My grandmother was Canadian—a Québécoise who taught me the capitals of the provinces at six; I had learned my hockey terms at an even younger age. So I have a certain affinity for the country. And when whisky expert Dave Broom, on tour for his book on Japanese whisky, named Canada as a region to watch, I needed to know more.
The Canadians have been making whisky since the 1800s, after a wave of immigrants from Great Britain settled across the country and planted grains. Production was limited, however, by what could survive the winters, and it wasn’t until the Dutch and Germans arrived and planted rye, a hardier grain, that the industry began to take off. By the late 19th century, the Canadians had developed a reputation for whisky made from a mash of corn, barley, wheat and rye.
That mash bill made for a spirit that was lighter and gentler than many whiskies—an advantage until the Bourbon booms of the 1950s and the 2000s. In the face of Bourbon’s robust brown-sugar-and-oak flavors, Canadian whisky became known to some as “brown vodka.”
Today, a number of producers are working hard to overcome that moniker, crafting whiskies with real character. The trend is especially prevalent in Ontario, where a thriving wine industry has encouraged farmers to take an artisanal approach to everything from cheesemaking and brewing to distilling. Since Toronto is just an hour away from NYC by air, I jumped on a flight to check out the scene myself.
“With our history, Canadian whisky should be a blend,” says Barry Stein, who owned a paint company before partnering with a fellow Scotch collector, Barry Bernstein, to make their own whisky. While they bottle a Rye and a Single Malt from Canadian barley, the Red and Blue blends are their flagships, bottled under the label Stalk & Barrel. Both are based on a blend of aged rye and single malt; the difference is in the percentage of aged corn whisky added. The Blue, with its higher percentage of corn, is sweeter and softer than the Red, which shows rye’s punchy flavors, notes of anise and endive punctuating the mellow orange-marmalade notes. Stein also pulls out the Canada #150, a special bottling released for the country’s 150th anniversary, in 2017. A blend of corn, rye and malted barley aged for more than five years, it’s minty and honeyed, with a mouthfilling texture.

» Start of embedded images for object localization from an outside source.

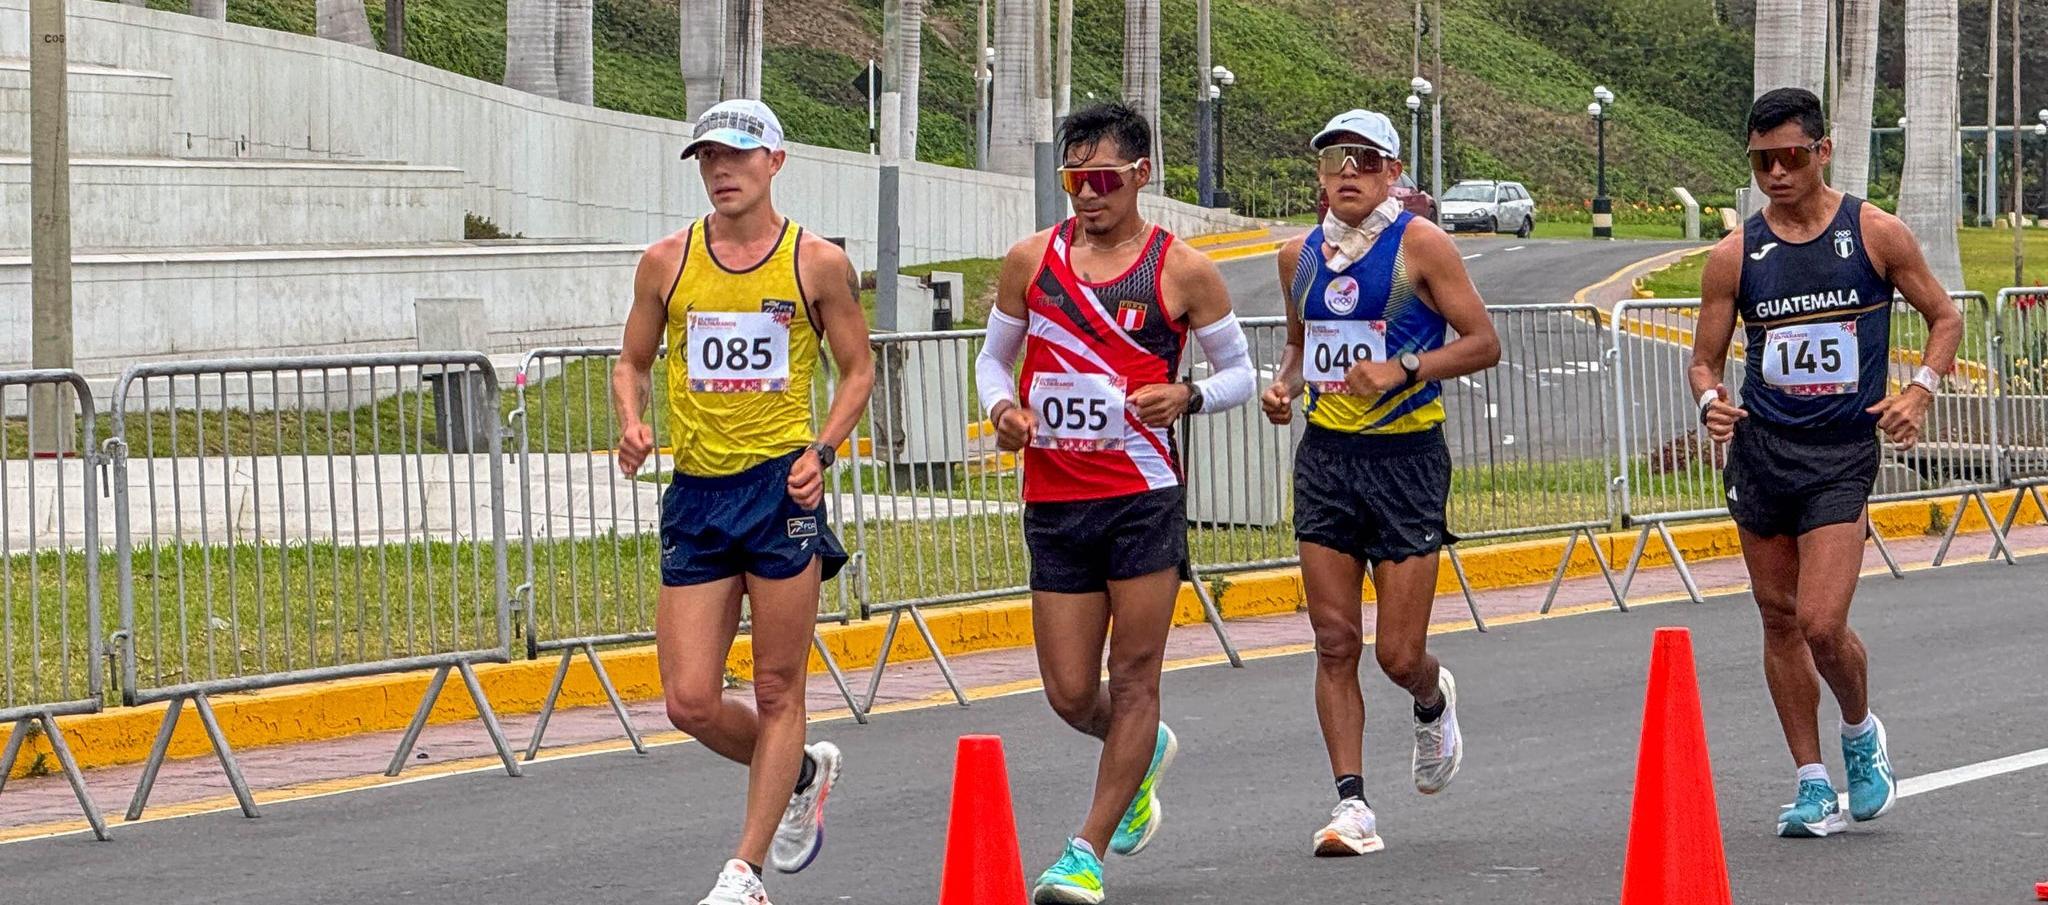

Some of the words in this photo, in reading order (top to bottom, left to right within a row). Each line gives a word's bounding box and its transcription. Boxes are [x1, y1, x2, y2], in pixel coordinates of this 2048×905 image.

[1756, 289, 1859, 318] GUATEMALA
[702, 336, 772, 371] 085
[1314, 343, 1373, 374] 049
[1777, 338, 1842, 376] 145
[1042, 396, 1108, 431] 055

Just across the street, Last Straw Distillery is gearing up to release its first whiskies. While Don DiMonte opened this 770-square-foot distillery in 2015, Canadian law stipulates that all whiskies must be aged a minimum of three years in wooden barrels no larger than 700 liters—just like Scotch and Irish versions. To keep the lights on while his whiskies come of age, DiMonte has been producing vodka, gin, rum and moonshine, all from Canadian produce.
There are a few other small distilleries scattered across Eastern Canada, but the growth of the craft movement is most pronounced in Ontario’s wine country, in the Niagara Peninsula. It takes just under an hour driving down the Queen Elizabeth Highway to get to Forty Creek Distillery, one of Ontario’s first craft distillers. Founder John K. Hall opened it in 1992, after running a winery; he says he’d set out to be a distiller in the 1980s, but most small distilleries were closing down. Today, Gruppo Campari owns Forty Creek, one of the few places with well-aged whiskies made in Canada.

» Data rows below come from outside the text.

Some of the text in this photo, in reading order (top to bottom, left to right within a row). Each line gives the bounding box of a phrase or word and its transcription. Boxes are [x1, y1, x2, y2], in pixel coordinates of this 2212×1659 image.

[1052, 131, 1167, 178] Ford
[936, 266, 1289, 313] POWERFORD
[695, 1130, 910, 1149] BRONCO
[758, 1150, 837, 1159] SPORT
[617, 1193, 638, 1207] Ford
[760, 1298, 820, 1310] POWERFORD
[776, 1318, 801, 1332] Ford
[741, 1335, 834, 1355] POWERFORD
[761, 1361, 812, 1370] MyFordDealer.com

In Beamsville, about eight miles east down the highway, Dillon’s Small Batch Distillers offers a completely different take on Canadian craft whisky. The bright blue warehouse sits in a pastoral landscape of grape vines, grains and gardens; inside, the fruits of those gardens are all on display in a wide array of spirits, from grape-based vodka to infused gins, bitters and absinthe.

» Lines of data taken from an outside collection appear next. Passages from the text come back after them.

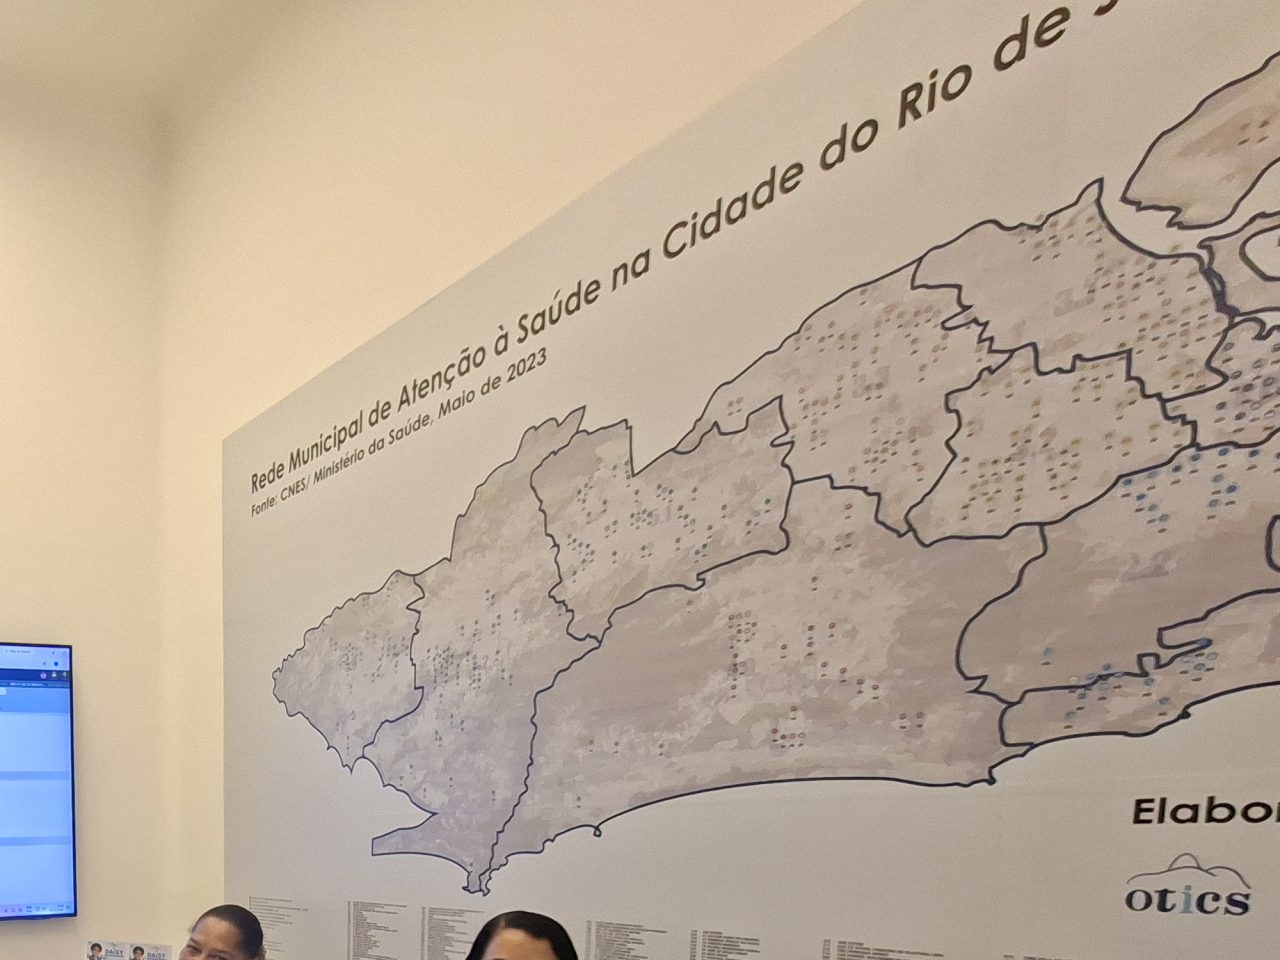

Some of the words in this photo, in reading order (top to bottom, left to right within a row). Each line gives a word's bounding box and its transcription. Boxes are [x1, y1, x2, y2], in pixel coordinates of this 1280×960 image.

[251, 461, 285, 495] Rede
[288, 409, 365, 474] Municipal
[368, 399, 392, 428] de
[397, 346, 487, 413] Atenção
[494, 324, 509, 357] à
[516, 279, 601, 344] Saúde
[611, 248, 651, 292] na
[662, 162, 804, 260] Cidade
[819, 118, 879, 171] do
[897, 64, 973, 131] Rio
[993, 6, 1071, 72] de
[251, 494, 279, 518] Fonte:
[280, 474, 311, 502] CNES/
[313, 448, 365, 485] Ministério
[368, 438, 385, 455] da
[388, 412, 434, 445] Saúde,
[438, 389, 476, 420] Maio
[481, 376, 502, 396] de
[507, 347, 547, 384] 2023
[1125, 885, 1251, 916] otics

For my last stop, I head farther east along the lakeshore, toward Niagara-on-the-Lake. However skeptical you might be about a project headed up by a star hockey player, Wayne Gretzky Winery & Estates is worth the trip. As you might expect, it’s hard to miss, a large glass-and-steel structure with bright lights shining from within. Walking through the door, I admit I looked at the hockey memorabilia on display up front and gazed into the reflecting pool before diving into the spirits. Tasting my way through the whiskies, the advantage of sharing space with a winery became apparent: Master Distiller Joshua Beach starts with a base of Ontario grains—malted rye, unmalted rye and corn—for all his whiskies, then works closely with winemaker Craig McDonald to source used barrels for aging. The difference a barrel can make shows clearly. My favorite was the Ice Cask, finished in barrels that previously held ice wine made from vidal blanc—an Ontario specialty. Mixing herbaceousness with a touch of sweetness, it’s a stunning whisky, and uniquely Canadian.